Warning: this blog post contains images and discussion of human remains.  

Our National Highways A14 Cambridge to Huntingdon Improvement Scheme continues to open windows to the past. The latest discovery, from the analysis of a rare type of early medieval burial, gives us a glimpse into the tragic life of a young woman considered an outsider by her community.

The early medieval (c.410-1066) settlement of Conington in Cambridgeshire shares its name with the nearby modern village. The name Conington means ‘king’s town’ This suggests the early medieval village was one of many ‘administrative centres’ for the Mercian kingdom. At its height in the 7th and 8th centuries, the Kingdom of Mercia stretched from the Humber River in the north to the Thames in the south. The settlement was likely abandoned when Mercia began to lose power in the early 9th century.

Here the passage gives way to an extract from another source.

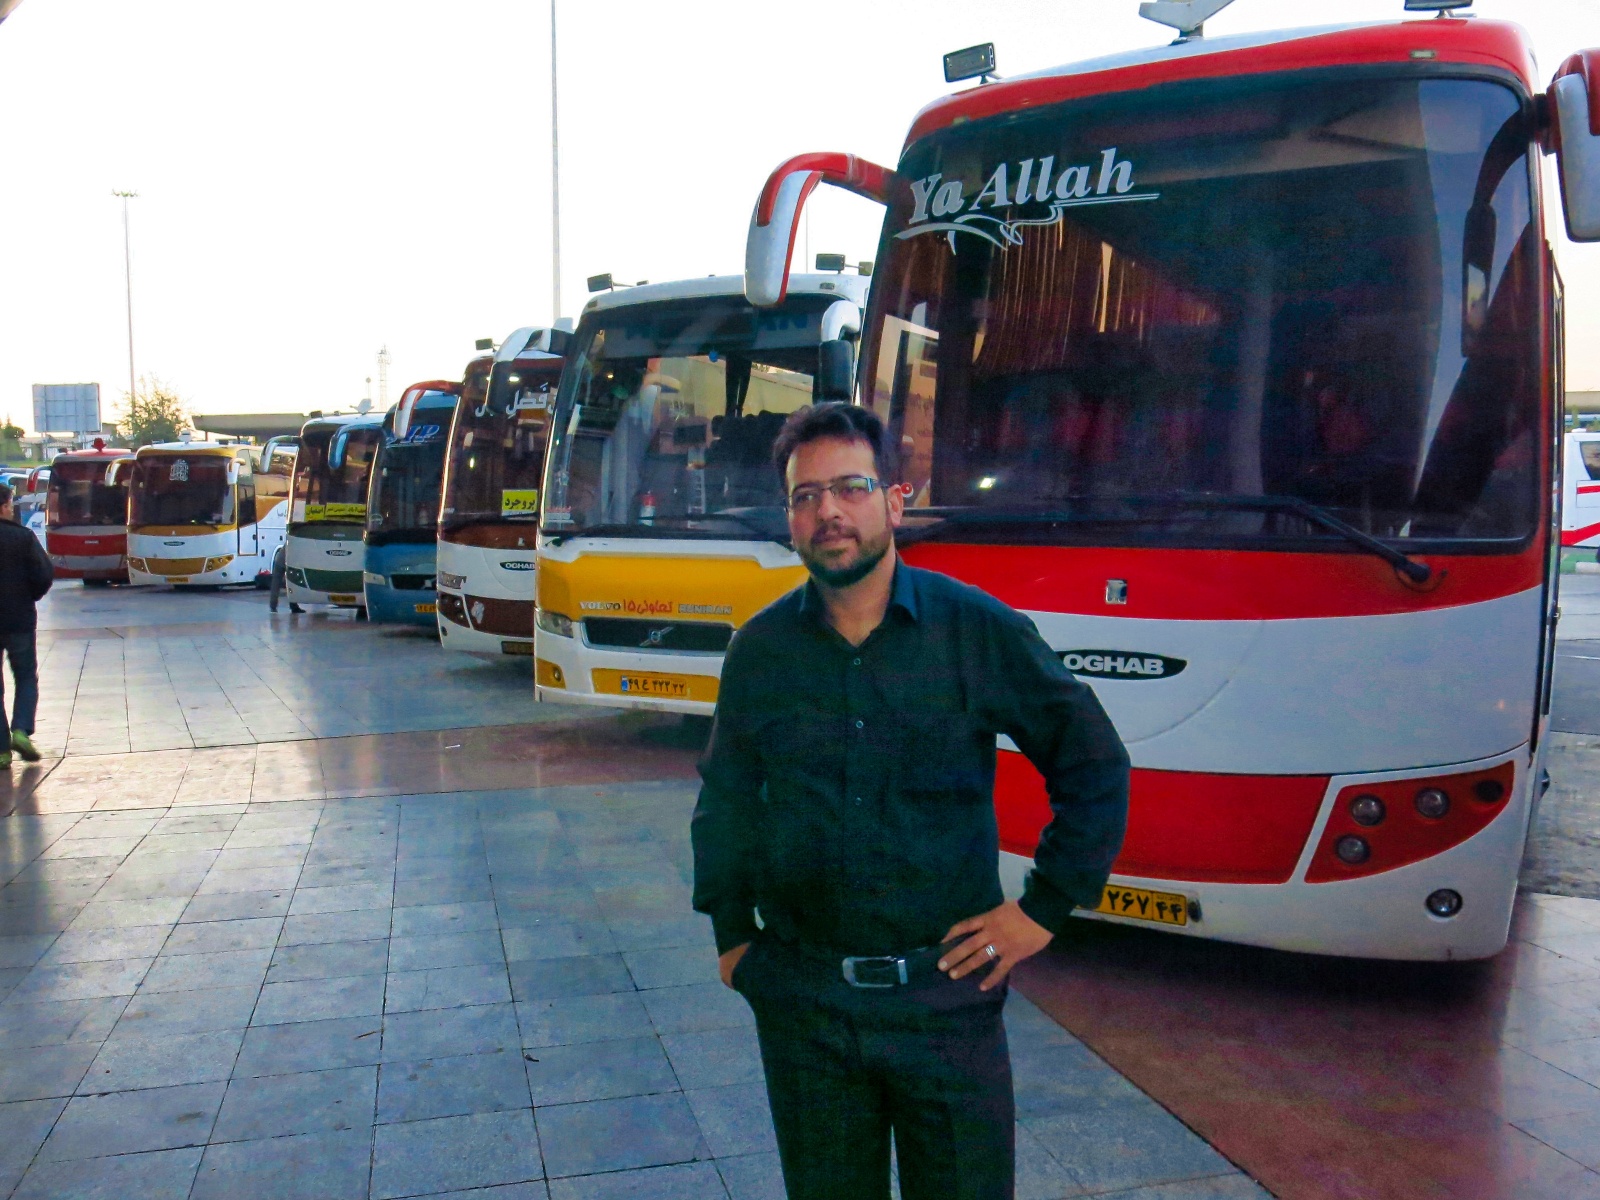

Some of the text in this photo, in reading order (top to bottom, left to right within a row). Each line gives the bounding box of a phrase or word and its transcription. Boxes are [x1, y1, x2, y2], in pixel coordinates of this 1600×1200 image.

[908, 147, 1134, 224] Ya Allah
[580, 601, 621, 611] VOLVO
[1063, 653, 1164, 675] OGHAB
[1107, 890, 1182, 922] ۲۶۷ ۴۴

Reconstruction drawing of the early medieval gate and boundary fence at Conington

Reconstruction of the Early Medieval gatehouse and settlement at Conington © Oxford Archaeology

As the community prepared to leave the settlement, they took down their grand entrance gate. In a pit that previously held one of the gate posts, they buried a 15-year-old girl, face down and possibly with her ankles tied together.

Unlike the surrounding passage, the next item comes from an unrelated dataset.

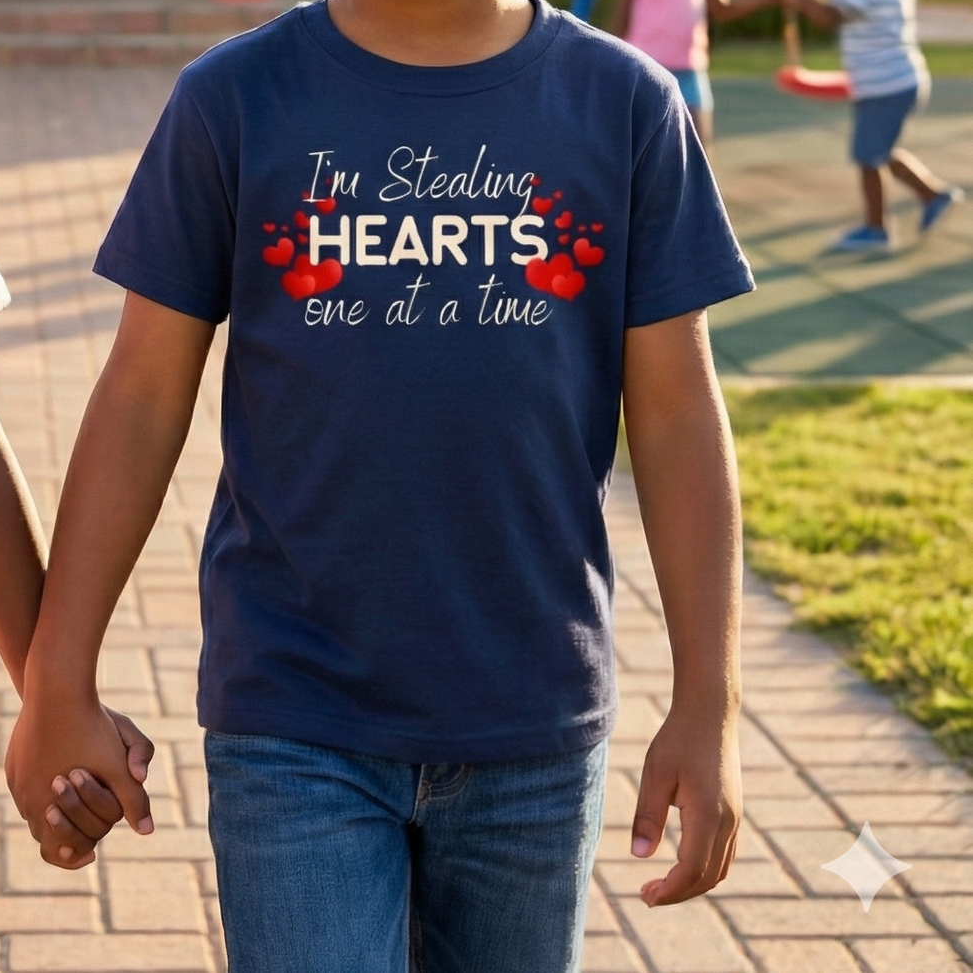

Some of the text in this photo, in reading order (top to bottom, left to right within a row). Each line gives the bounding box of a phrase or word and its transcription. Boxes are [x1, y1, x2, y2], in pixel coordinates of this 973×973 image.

[302, 144, 535, 222] I'm Stealing
[309, 215, 549, 266] HEARTS
[304, 273, 553, 326] one at a time

Evidence suggests this burial may have been a symbolic final closure of the site. It was certainly one of the community’s final acts. Radiocarbon dating showed the young woman died between c.680-880 AD (late seventh to ninth centuries), and archaeological work on site revealed all activity at the settlement ended during this same period.

The Conington Burial ©MOLA Headland Infrastructure

To be buried face-down, especially on a boundary like this entrance gate, is thought to have been a social expression of ‘otherness’. It was a burial practice reserved for people considered outside of Early Medieval society. This included those who looked or acted differently from the rest of the community, those of low social status, as well as individuals who suffered violent or unexpected deaths.

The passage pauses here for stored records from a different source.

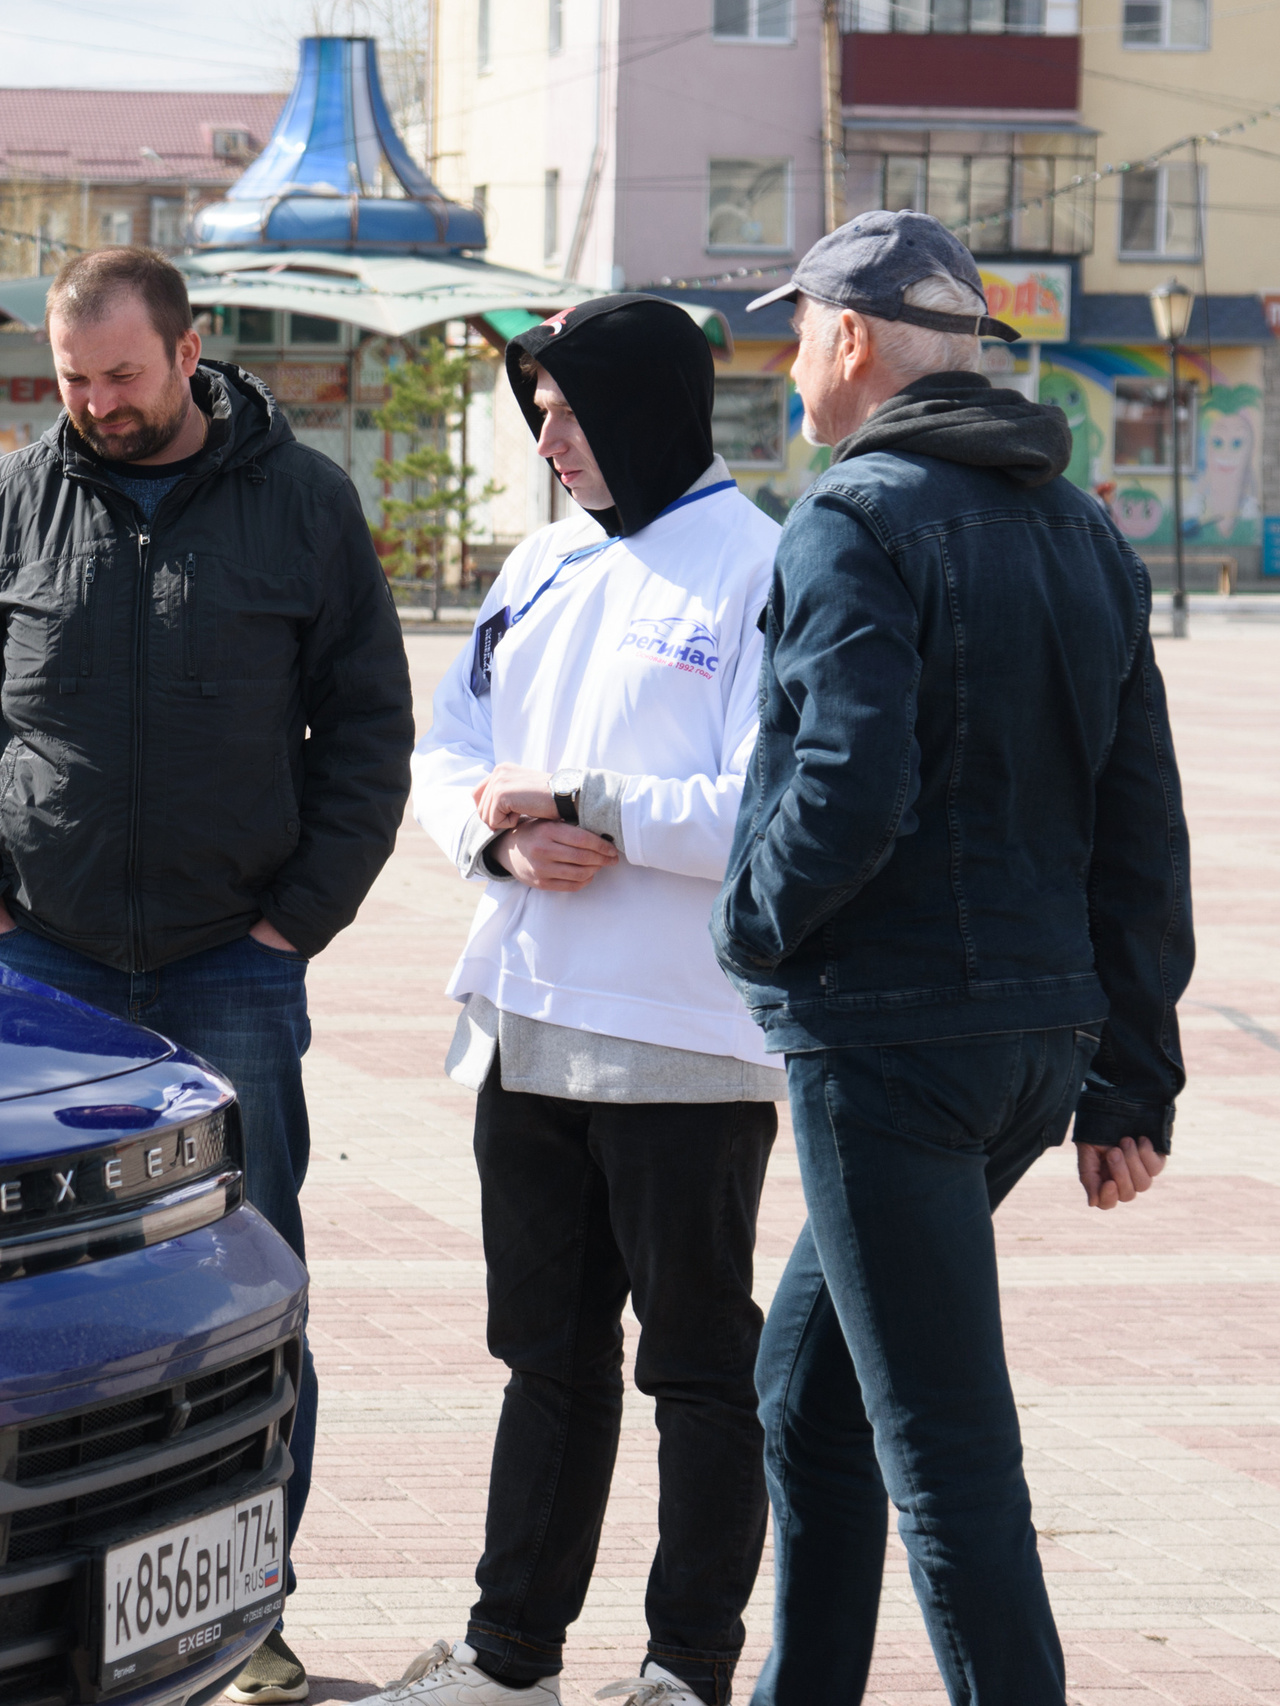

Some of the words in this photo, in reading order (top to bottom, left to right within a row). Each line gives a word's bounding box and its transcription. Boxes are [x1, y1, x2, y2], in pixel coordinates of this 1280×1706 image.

[675, 661, 695, 673] 1992
[0, 1137, 196, 1213] EXEED
[238, 1499, 278, 1573] 774
[244, 1567, 265, 1596] RUS
[178, 1623, 222, 1655] EXEED

Analysis of the young woman’s remains by MOLA osteologists (human bone specialists) revealed evidence of childhood malnutrition. She also had a spinal joint disease, made worse by carrying out hard manual labour from a young age. This all suggests she was of low social status.

We don’t know exactly how the young woman died, but because of her age, and with her remains showing no evidence of a long, serious illness, she may have died suddenly or unexpectedly. The end of this young woman’s tragically short life may have coincided with the end of the settlement’s use. All of these can help explain why the community chose to bury her in such a significant and unusual way.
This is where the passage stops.